[INPUT DATA Boundary: Start]

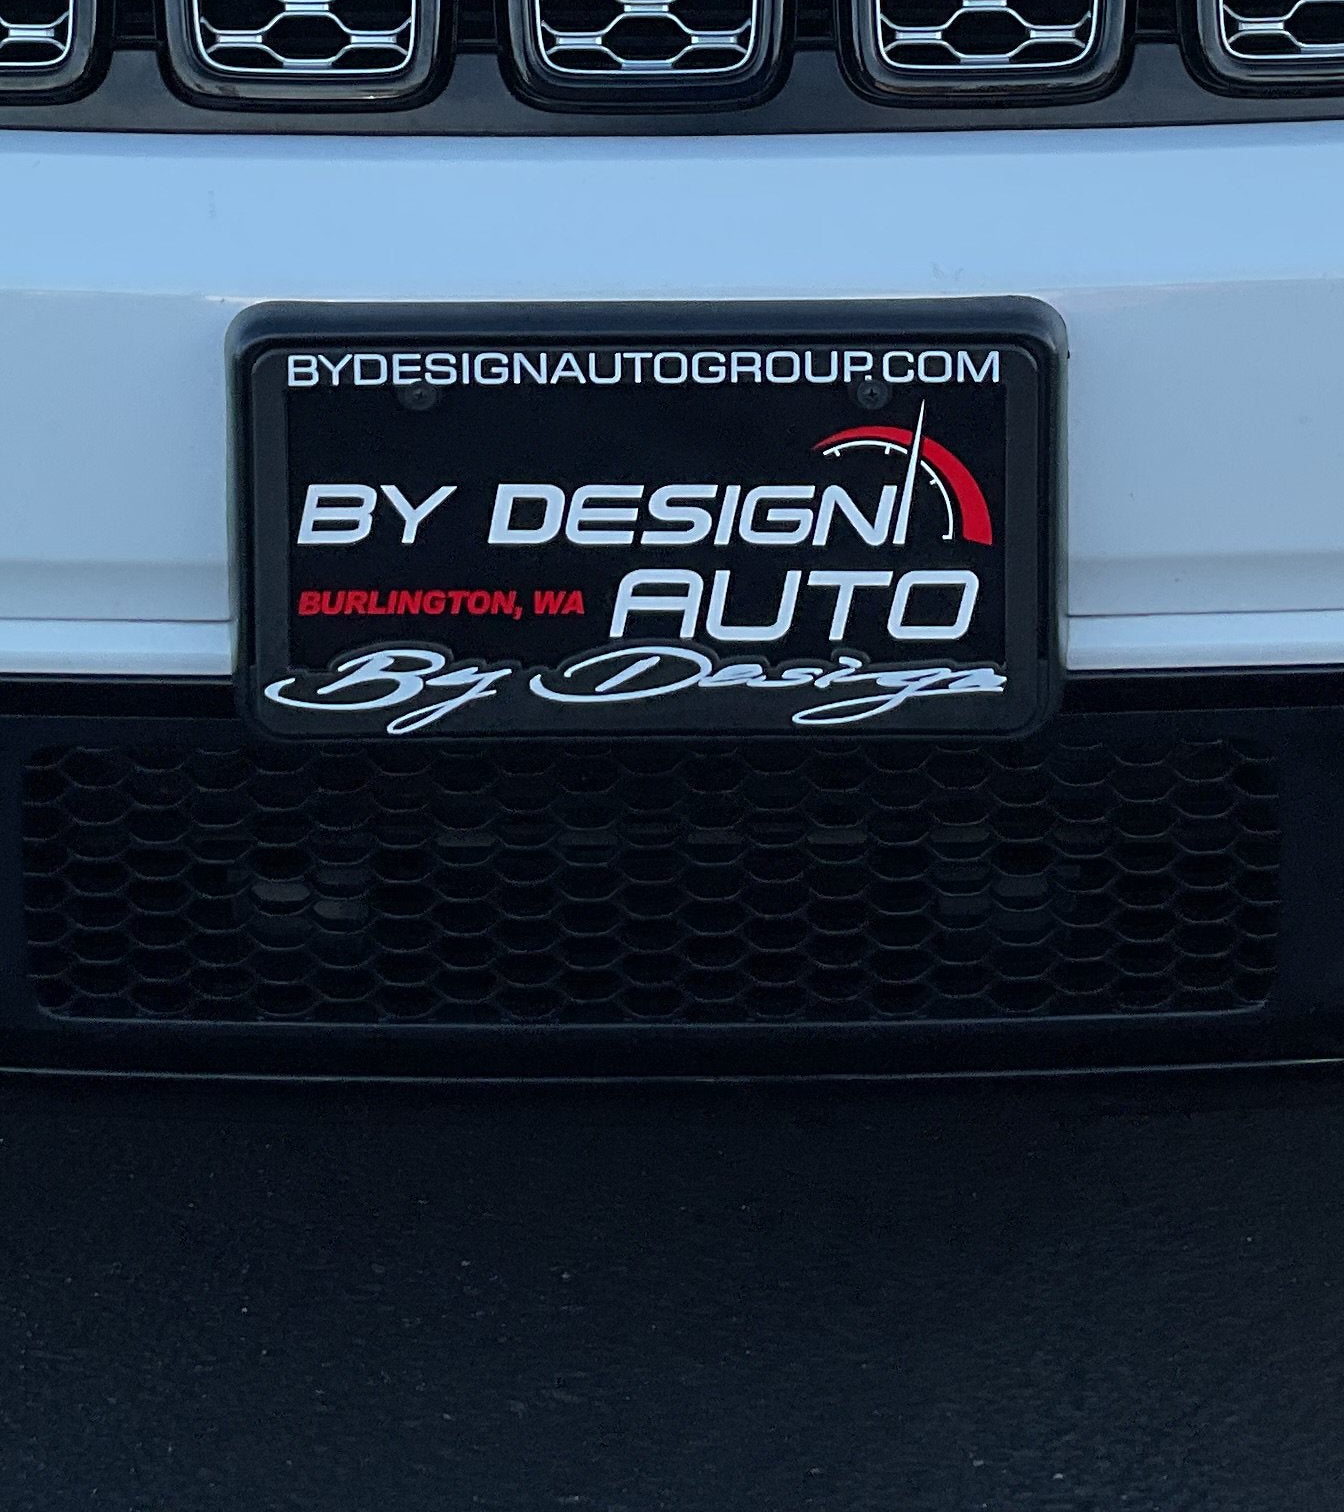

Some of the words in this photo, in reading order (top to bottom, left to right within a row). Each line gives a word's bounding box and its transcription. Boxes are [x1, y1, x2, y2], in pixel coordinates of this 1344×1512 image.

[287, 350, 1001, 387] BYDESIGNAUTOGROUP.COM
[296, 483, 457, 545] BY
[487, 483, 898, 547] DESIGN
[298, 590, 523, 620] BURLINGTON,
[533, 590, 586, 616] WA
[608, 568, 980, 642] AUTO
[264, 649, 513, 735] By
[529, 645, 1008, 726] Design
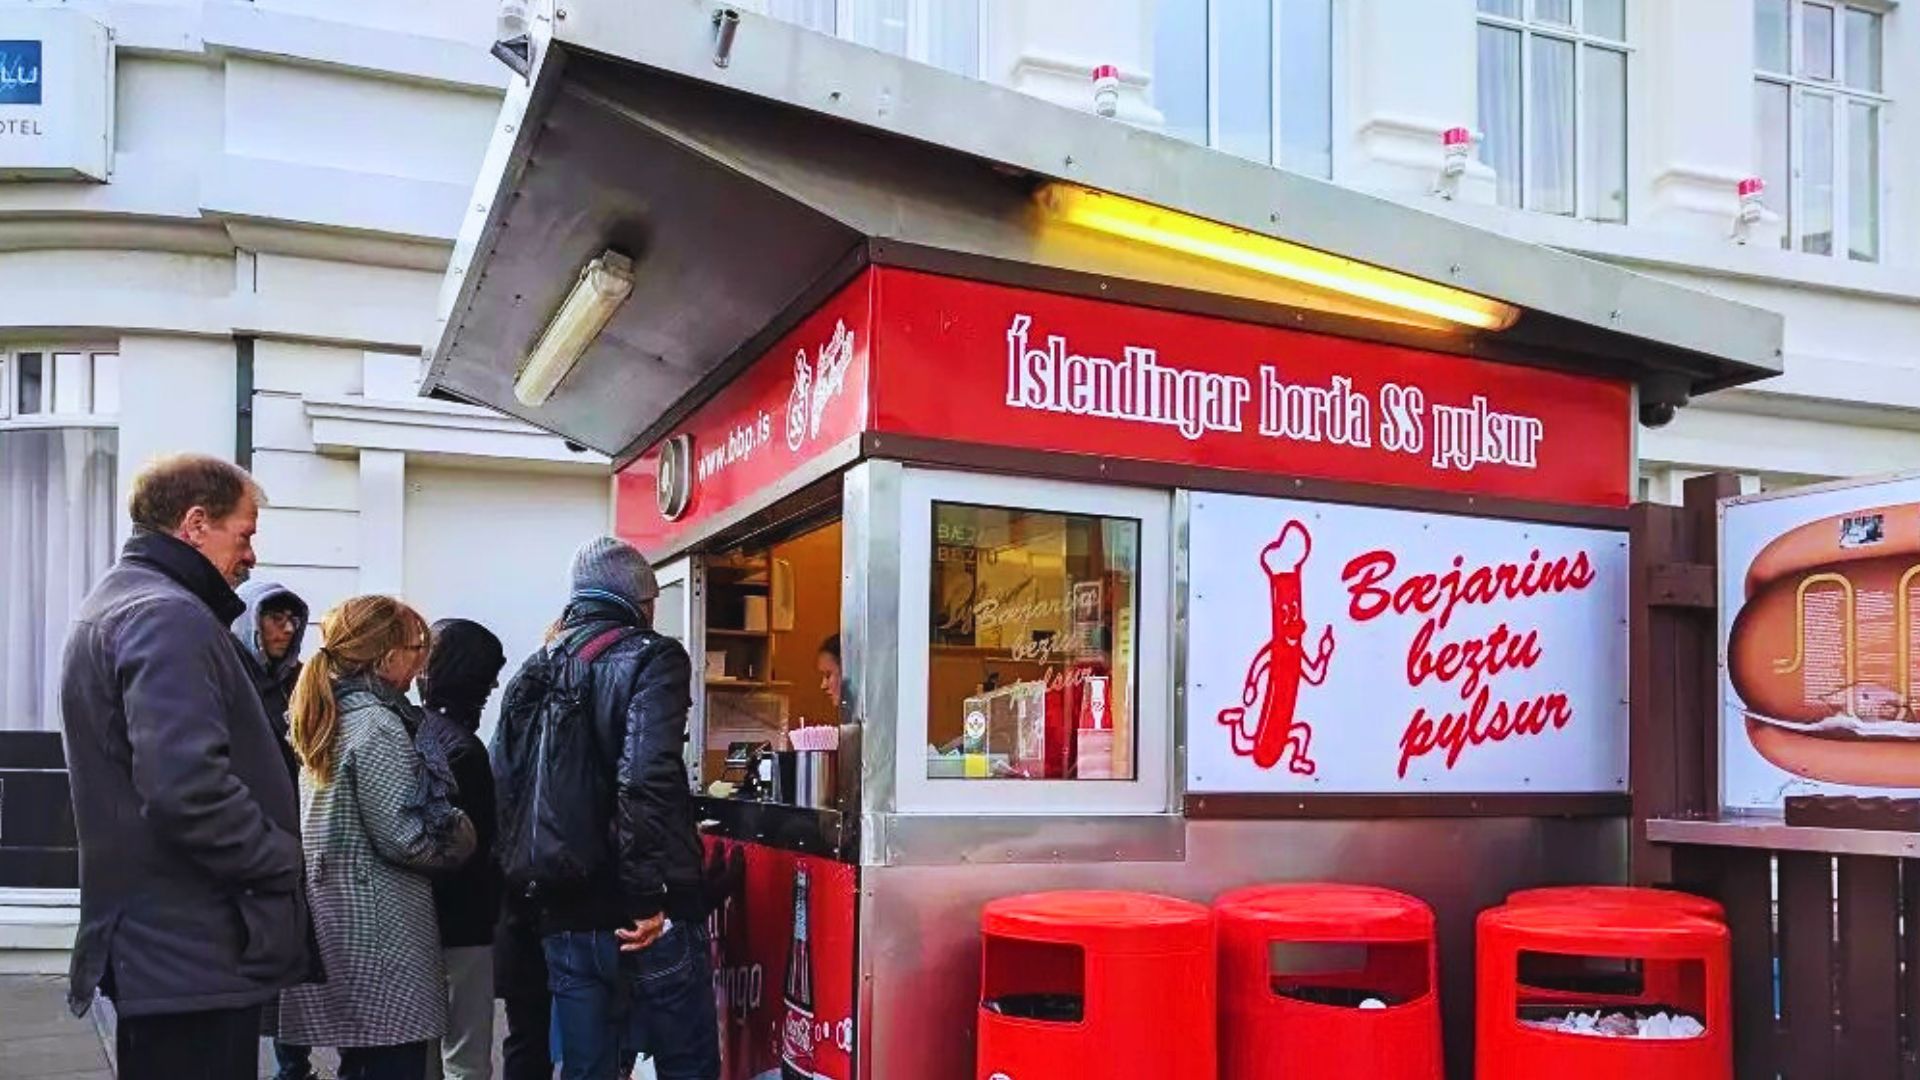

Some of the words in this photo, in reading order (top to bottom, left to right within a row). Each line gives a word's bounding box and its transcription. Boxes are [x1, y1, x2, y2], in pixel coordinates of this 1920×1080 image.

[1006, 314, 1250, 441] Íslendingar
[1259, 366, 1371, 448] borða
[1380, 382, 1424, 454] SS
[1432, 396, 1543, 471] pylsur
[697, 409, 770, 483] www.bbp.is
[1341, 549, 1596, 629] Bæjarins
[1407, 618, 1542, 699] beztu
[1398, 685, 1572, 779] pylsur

[INPUT DATA Boundary: End]

PROBLEM REQUIREMENTS: Each line from the one containing "this 1920×1080 image." to the end of the entries above should be copied exactly, and no other line.

ANSWER TO THE EXERCISE:
Some of the words in this photo, in reading order (top to bottom, left to right within a row). Each line gives a word's bounding box and its transcription. Boxes are [x1, y1, x2, y2], in pixel coordinates of this 1920×1080 image.

[1006, 314, 1250, 441] Íslendingar
[1259, 366, 1371, 448] borða
[1380, 382, 1424, 454] SS
[1432, 396, 1543, 471] pylsur
[697, 409, 770, 483] www.bbp.is
[1341, 549, 1596, 629] Bæjarins
[1407, 618, 1542, 699] beztu
[1398, 685, 1572, 779] pylsur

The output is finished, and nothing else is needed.